Today she beamed down the halls of the hospital, waving to the many staff she has come to know and cherish; the cafeteria cook and cashier, the pharmacy assistant, the coffee shop ladies who keep mama awake and the ultrasound techs who took care of her baby cousin. She was such a proud big girl today, showing off her baby cousin and ensuring he knows his way around CHEO. While he was meeting his new doctors and having his first CHEO experience, she was doing routine central line maintenance, having her lines “unclogged” and blood work drawn for her weekly virology tests.

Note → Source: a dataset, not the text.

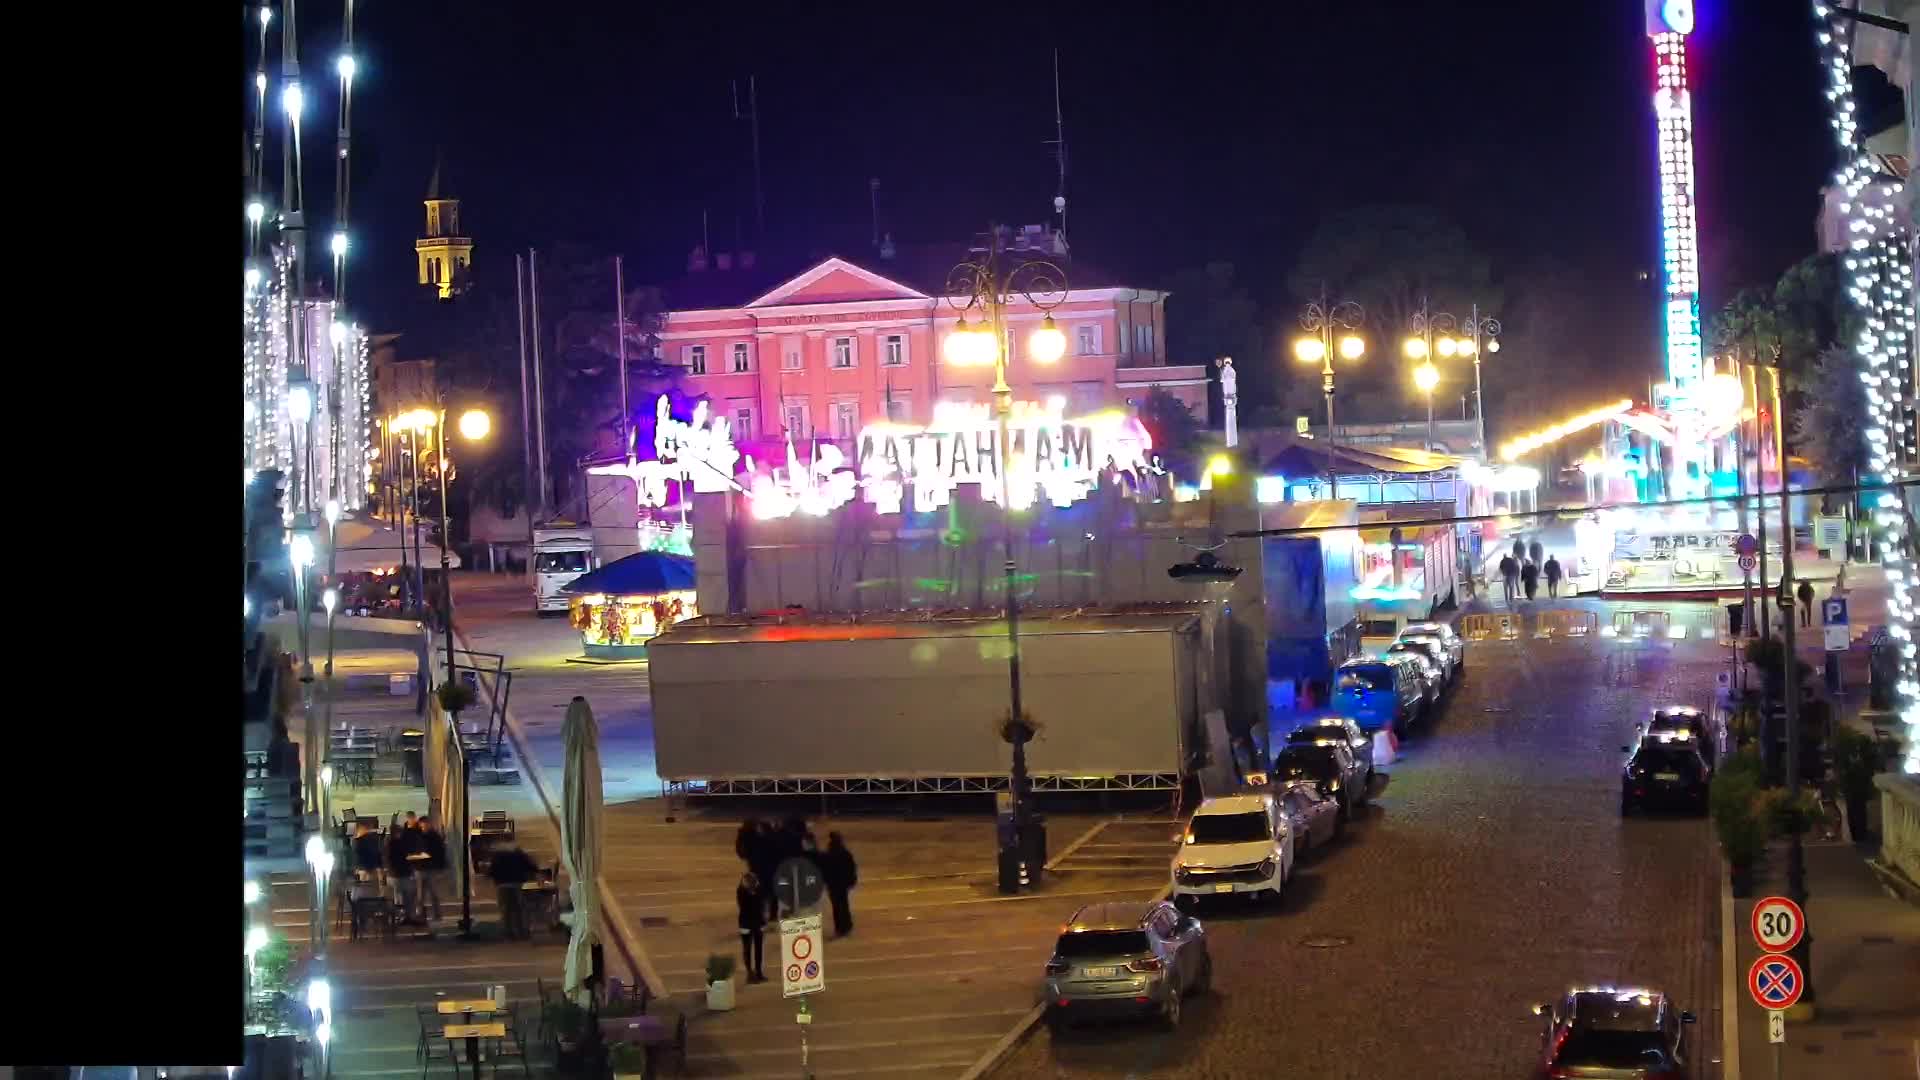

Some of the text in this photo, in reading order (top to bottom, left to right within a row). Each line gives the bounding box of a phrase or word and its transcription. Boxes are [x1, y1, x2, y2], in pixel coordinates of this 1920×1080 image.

She doesn’t understand the details behind her diagnosis, she doesn’t know anything different than the multiple weekly visits to CHEO, treatments, surgeries, “sleepy time” (anaesthetic) and clinics. Abbigail is blessed with the naivety of a baby, not understanding why strangers are intruding in their personal space, but knowing their parents will keep them safe. Abbigail is still very much like her 4 month old baby cousin today, even at the beautiful age of almost five. She doesn’t know that she has a rare and incurable disease for which she has battled for three years and continues to. She doesn’t realize that the “medicine” that saved her life twice already, received through her central lines, aka “tubies,” is in fact chemotherapy and that it could cause future, secondary cancers, and life long, sometimes detrimental side effects. Abbigail is graced with a certain ignorance despite having her innocence robbed from her three years ago.

Tomorrow she will walk back into CHEO to have her liver scanned. It shouldn’t be long before we have more information and before we have a plan forward…something to cling onto and pray for.

Please keep her in your prayers tomorrow morning and envision a “healthier” liver for our princess. She deserves to register for kindergarten and not have to withdraw again this year.

Thank you everyone for all of the support!